What you return must be the data below, word for word, without any images.

RECORD SET ::

- - -

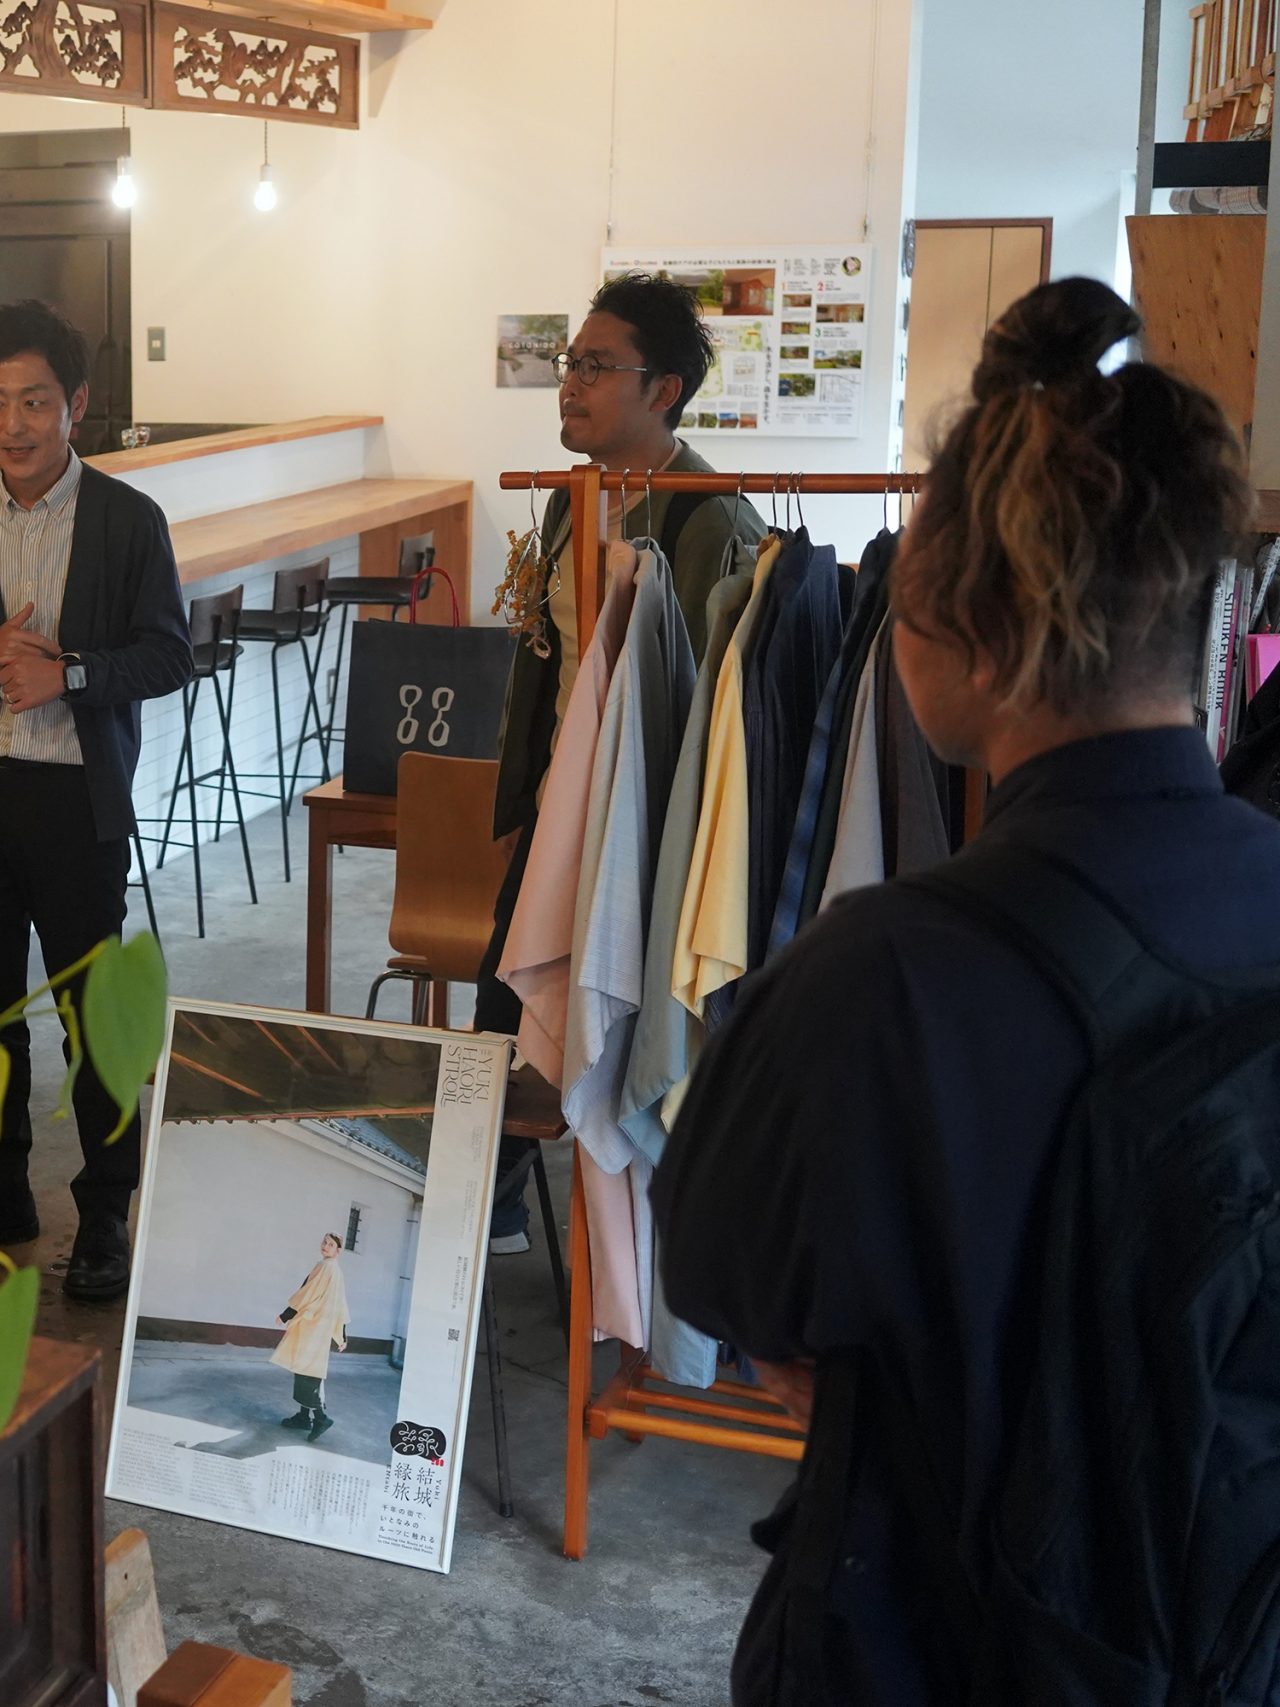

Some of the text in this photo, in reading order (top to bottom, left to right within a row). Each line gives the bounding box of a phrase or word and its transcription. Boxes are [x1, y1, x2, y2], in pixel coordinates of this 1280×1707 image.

[440, 1044, 462, 1108] STROLL
[457, 1047, 478, 1105] HAORI
[473, 1057, 494, 1100] YUKI
[391, 1462, 412, 1501] 縁旅
[413, 1467, 435, 1507] 結城
[380, 1515, 419, 1529] いとなみの
[380, 1526, 435, 1543] ルーツに触れる
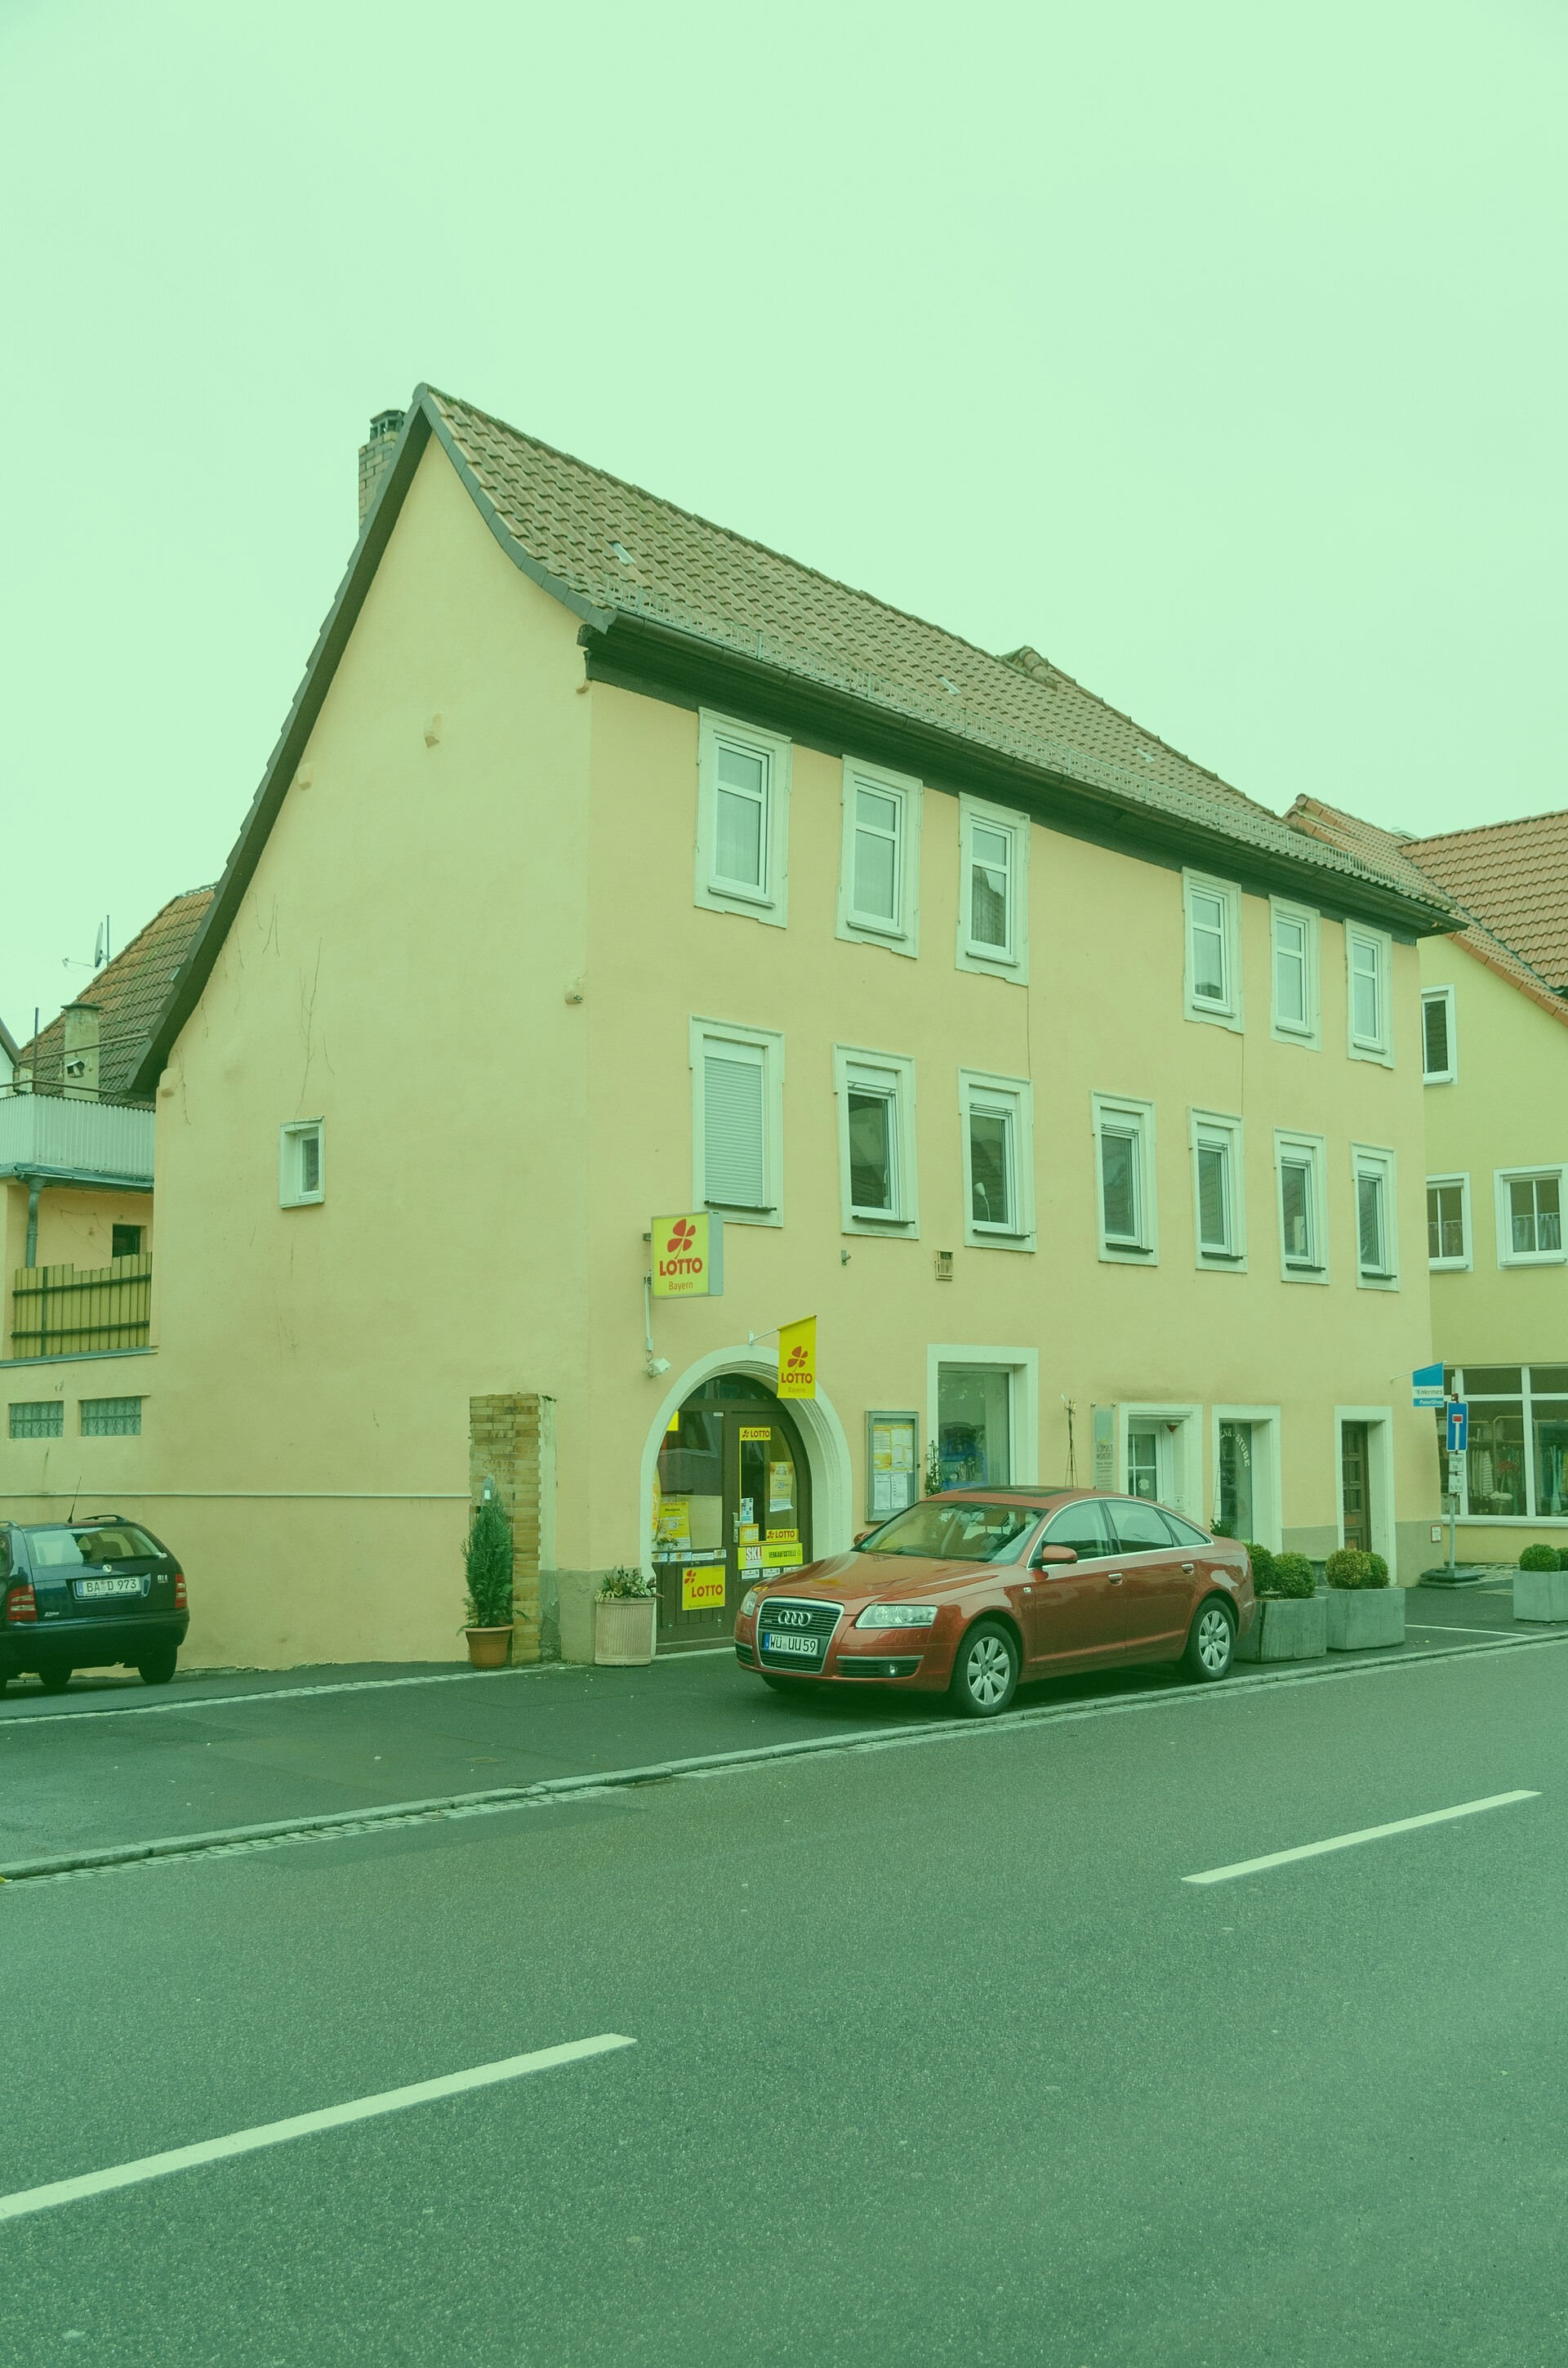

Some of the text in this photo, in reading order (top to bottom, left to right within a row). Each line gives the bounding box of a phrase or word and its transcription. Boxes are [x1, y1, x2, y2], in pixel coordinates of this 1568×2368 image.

[659, 1257, 702, 1276] LOTTO
[669, 1281, 693, 1292] Bayern
[781, 1372, 813, 1384] LOTTO
[750, 1429, 770, 1438] LOTTO
[775, 1530, 795, 1538] LOTTO
[746, 1546, 761, 1560] SKL
[87, 1582, 100, 1593] BA
[107, 1581, 114, 1590] D
[118, 1579, 136, 1590] 973
[691, 1584, 724, 1598] LOTTO
[770, 1635, 782, 1648] WÜ

- - -

YOUR RESPONSE ::
Some of the text in this photo, in reading order (top to bottom, left to right within a row). Each line gives the bounding box of a phrase or word and its transcription. Boxes are [x1, y1, x2, y2], in pixel coordinates of this 1280×1707 image.

[440, 1044, 462, 1108] STROLL
[457, 1047, 478, 1105] HAORI
[473, 1057, 494, 1100] YUKI
[391, 1462, 412, 1501] 縁旅
[413, 1467, 435, 1507] 結城
[380, 1515, 419, 1529] いとなみの
[380, 1526, 435, 1543] ルーツに触れる

Some of the text in this photo, in reading order (top to bottom, left to right within a row). Each line gives the bounding box of a phrase or word and its transcription. Boxes are [x1, y1, x2, y2], in pixel coordinates of this 1568×2368 image.

[659, 1257, 702, 1276] LOTTO
[669, 1281, 693, 1292] Bayern
[781, 1372, 813, 1384] LOTTO
[750, 1429, 770, 1438] LOTTO
[775, 1530, 795, 1538] LOTTO
[746, 1546, 761, 1560] SKL
[87, 1582, 100, 1593] BA
[107, 1581, 114, 1590] D
[118, 1579, 136, 1590] 973
[691, 1584, 724, 1598] LOTTO
[770, 1635, 782, 1648] WÜ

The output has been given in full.